A Coffee from the January 2,000 Deep Cove Crier
Short and Sweet:
Tips for living the abundant life
Calling All Engineers….James Watt the pioneer engineer was a creative genius who radically transformed the world from an agricultural society into an industrial one. Through Watt’s invention of the first practical steam engine, our modern world eventually moved from a 90% rural basis to a 90% urban basis. Everywhere in our world today, countless engines, many of them micro-computerized, power us. Engines have played a big role in my family’s history. My maternal Grandpa Allen was a CPR Railway Engineer who was ‘bumped’ during the depression into shoveling coal into massive steam-driven engines. My paternal Grandpa Hird was a master mechanic and blacksmith who invented and raced one of the first jet-engine snowmobiles along the Edmonton River. In high school, I took numerous electronics courses in which I learned how to create an electronic mosquito-repellent engine and a voice-activated light switch. From Grade 3 to Grade 10, my fascination with electronic engines led me to want to become an electrical engineer, like my father. You can imagine the surprise of some of my family when their future engineer became a social worker and Anglican priest. My master-mechanic grandfather was not too impressed about Social Work, and proceeded to suggest that I should get a haircut and become a dentist!
James Watt, through the creation of the first practical steam engine, became the first modern-day engineer. The terms ‘engine’ and ‘engineer’ come from the Latin word ‘ingenium’, from which we get the words ‘ingenuity’ and ‘ingenious’. James Watt, by that definition, was a truly ingenious engineer who never let impossible obstacles hold him back. Born in 1736 at Greenock Scotland, James was a sickly child whose migraines and dreadful toothaches forced his parents to home-school him. Of the five children in James’ family, only James didn’t die at a young age. At age 11, James entered public school, and immediately became the daily target of vicious bullies, preying on his shyness and social ineptness. His teachers wrote him off as unintelligent.

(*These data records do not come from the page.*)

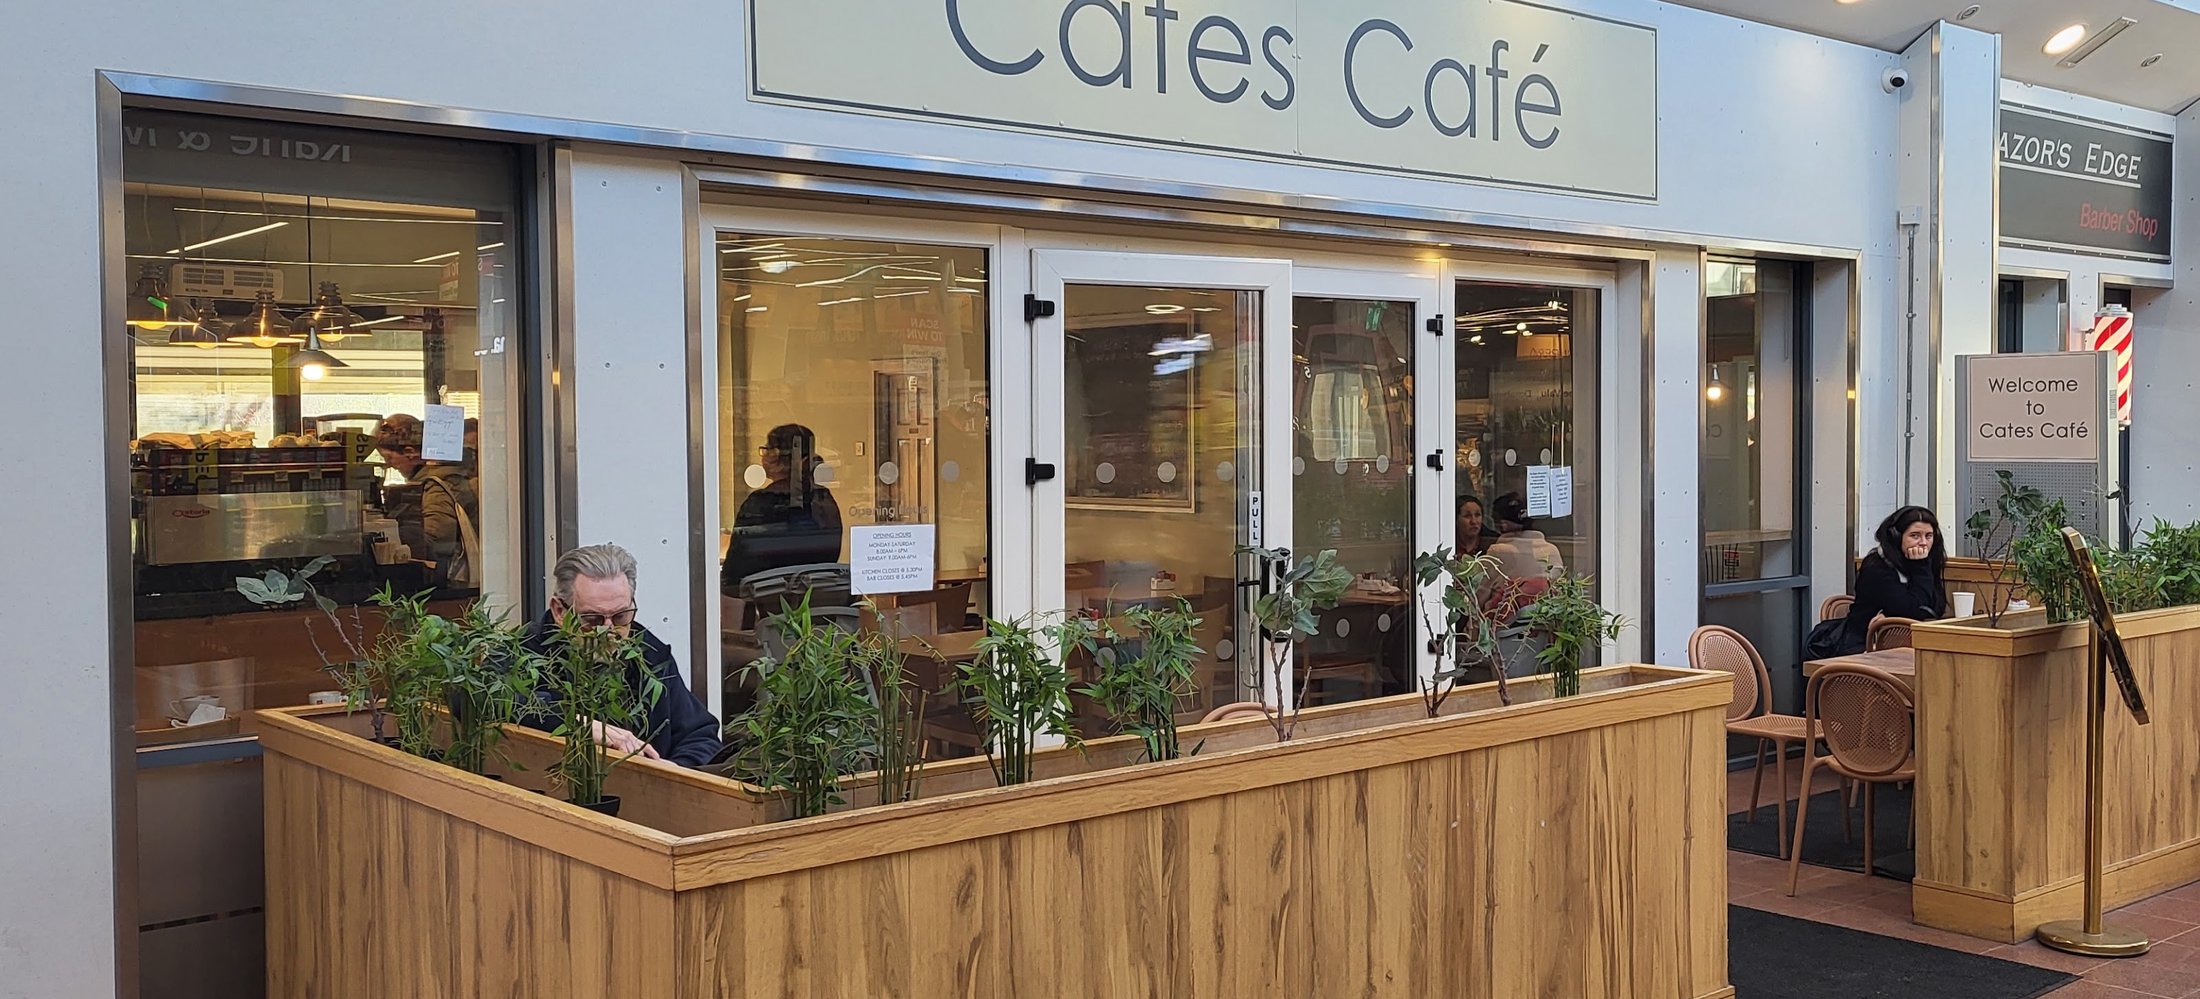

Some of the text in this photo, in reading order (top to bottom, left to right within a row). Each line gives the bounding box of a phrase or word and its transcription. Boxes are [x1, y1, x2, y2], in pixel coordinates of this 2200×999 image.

[945, 0, 1562, 150] Cates Café
[2084, 142, 2142, 180] EDGE
[2080, 201, 2158, 240] Barber Shop
[1988, 377, 2078, 393] Welcome
[2026, 400, 2045, 415] to
[1980, 421, 2088, 438] Cates Café

Due to his aptitude at repairing his father’s navigation aids, James decided that he would become a maker of scientific instruments. James went first to Glasgow and then London in his search for proper training, but was blocked by the Guild of ‘The Worshipful Company of Clock-makers’ who had a stranglehold on apprenticing. Being a 20-year-old Scot, the Clockmakers saw James as too old to begin the required 7-year apprenticeship. As well, it was strictly forbidden for foreigners, which meant non-Londoners, to be trained as apprentices! Fortunately James found a renegade brassworker, John Morgan, who was willing to bend the rules and train him in just one year. James learned very quickly, but the overwork and near-starvation brought about a complete physical breakdown. Returning to Scotland, James regained his health quickly and attempted to set himself up as an instrument-maker in Glasgow. Because James was not a Glasgow native, the local Hammerman Guild did their best to drive him out. Fortunately for all of us who use engines, the Glasgow University gave him diplomatic immunity by declaring James the ‘Mathematical Instrument Maker to the University’.
Why is it that the world owes so much to this long-suffering ingenious engineer? Click to find out more….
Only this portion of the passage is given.